Caped foes Ben Affleck and Henry Cavill clash in a bid to launch a new superhero franchise, but Zack Snyder’s shoddy tale never gets off the ground
Director Zack Snyder’s sporadically impressive 2013 Superman reboot Man of Steel flirted with some intriguingly adventurous ideas before descending into a thunderingly dull third-act punch-up between all-but indestructible – and indistinguishably uninteresting – adverseries. Little has changed with this latest instalment, which sees DC Comics characters gearing up for future “Justice League” outings, hoping to give Marvel’s saleable screen universe a run for its money.
Assorted Avengers need not worry; despite a slow-burn start and portent-heavy script (endless references to false gods and monsters) Batman v Superman never flies. Ben Affleck may make a strong fist of his role as the screen’s grouchiest Batman but Snyder (who is no Christopher Nolan) mistakes “murkiness” for “darkness”, leaving his stodgy antiheroes stomping around in a Stygian quagmire of quasi-religious imagery, superficial set pieces, and – most damagingly – incoherent storytelling.
We open on familiar ground with the young Bruce Wayne being orphaned yet again, this time in the shadow of a movie theatre pointedly playing Excalibur. From here, we cut (after a pop video-style vision of bats) to Metropolis, where the collateral damage of Man of Steel’s climactic battle is replayed from the point of view of the adult Bruce, watching in horror as his own tower tumbles. Then we’re off again, to “Somewhere in the Indian Ocean” and thence to Africa, where Lois Lane (Amy Adams) awaits rescue by a man in wet-look spandex. “He answers to no one, I think, not even to God,” declares one naysayer of Henry Cavill’s supremely uncharismatic Superman.
Meanwhile Batman’s habit of branding villains with the “mark of death” earns him a reputation as unaccountable judge, jury and executioner. Two crusaders (“black and blue, night and day”) with matching PR problems and mirrored mummy issues – it’s bound to end in tears.
Enter Jesse Eisenberg’s upstart Lex Luthor, surely the most irritating screen villain of the year, a twitchy symphony of babbled lines and out-of-context laughs which suggest that Snyder told him to “Do that guy out of The Social Network… only more so!” Luthor wants Holly Hunter’s Senator Finch to let him weaponise kryptonite; I just wanted her to slap him and be done with it. But there’s much cross-cutting, cape-flapping and pouty breast-beating to come before anyone heads for the exit, reminding us that with great power comes not just great responsibility, but even greater length. Never mind the quality, feel the running time.

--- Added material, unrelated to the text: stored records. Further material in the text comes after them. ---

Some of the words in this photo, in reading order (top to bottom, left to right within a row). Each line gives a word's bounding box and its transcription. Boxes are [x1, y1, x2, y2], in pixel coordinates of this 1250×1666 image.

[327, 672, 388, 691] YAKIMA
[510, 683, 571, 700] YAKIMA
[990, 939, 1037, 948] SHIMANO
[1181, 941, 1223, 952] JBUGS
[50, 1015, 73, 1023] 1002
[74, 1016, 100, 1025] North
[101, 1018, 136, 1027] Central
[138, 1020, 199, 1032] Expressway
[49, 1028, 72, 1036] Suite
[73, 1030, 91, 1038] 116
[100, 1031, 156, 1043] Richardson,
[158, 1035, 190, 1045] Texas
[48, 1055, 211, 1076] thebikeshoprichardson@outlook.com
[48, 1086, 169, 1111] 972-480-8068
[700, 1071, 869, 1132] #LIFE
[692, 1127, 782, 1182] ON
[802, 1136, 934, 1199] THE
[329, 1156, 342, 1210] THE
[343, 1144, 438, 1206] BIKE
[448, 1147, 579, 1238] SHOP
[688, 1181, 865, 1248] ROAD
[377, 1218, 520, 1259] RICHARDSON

Somewhere in this overcooked, underlit, indecipherable pudding of a movie there are a couple of nice performances struggling to get out. Jeremy Irons is fleetingly fun as Bruce Wayne’s trusty sidekick Alfred, but unlike Michael Caine (or indeed Michael Gough) he’s given no opportunity to graduate from endearing chippiness to engaging pathos, settling instead for the eyebrow-raising disdain beloved of John Gielgud’s Hobson in Arthur (maybe that’s what the laboured Excalibur nod was all about). Amy Adams struggles to inject life into Lois Lane but Snyder and screenwriters Chris Terrio and David S Goyer seem content to leave her staring wistfully into broiling skies and generally needing to be rescued – a recurrent fate of women here, despite a heavily trailed, allegedly empowering appearance by a female DC icon.

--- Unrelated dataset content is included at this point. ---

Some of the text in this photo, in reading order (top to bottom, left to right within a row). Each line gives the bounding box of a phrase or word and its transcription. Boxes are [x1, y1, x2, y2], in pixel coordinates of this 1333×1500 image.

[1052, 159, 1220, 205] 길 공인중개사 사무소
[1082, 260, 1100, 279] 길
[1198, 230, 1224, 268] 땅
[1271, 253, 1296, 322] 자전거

Elsewhere, Snyder draws on the oily lessons of 300, with Affleck and Cavill parading their naked chests like angry cockerels – a scene in which Batmanprepares for the ultimate battle by dragging a truck tyre across the floor and hitting it with a sledgehammer cries out for a cameo by Spandau Ballet, urging our antihero to “work till you’re musclebound, all night long”. Amid endless flashbacks there are hallucinogenic dream sequences too, although given the shoddiness of the storytelling it’s hard to tell what’s meant to be real or make-believe. As for the overworked Easter-friendly subtext, Mel Gibson’s The Passion of the Christ was understated by comparison.
Thus we lumber slowly, inevitably, toward a face-punching confrontation in which our all-but-indestructible – and by now equally uninteresting – adversaries hit each other while monsters roar, worlds collide, and franchises rise and fall. Fans may find something of value in the sheer scale of it all but, despite the gargantuan expense, it’s hard not to feel short-changed. For all its overcranked spectacle, I emerged from Batman v Superman in a soporific state; foggy of head, heavy of heart, wondering if it was all just a bad dream.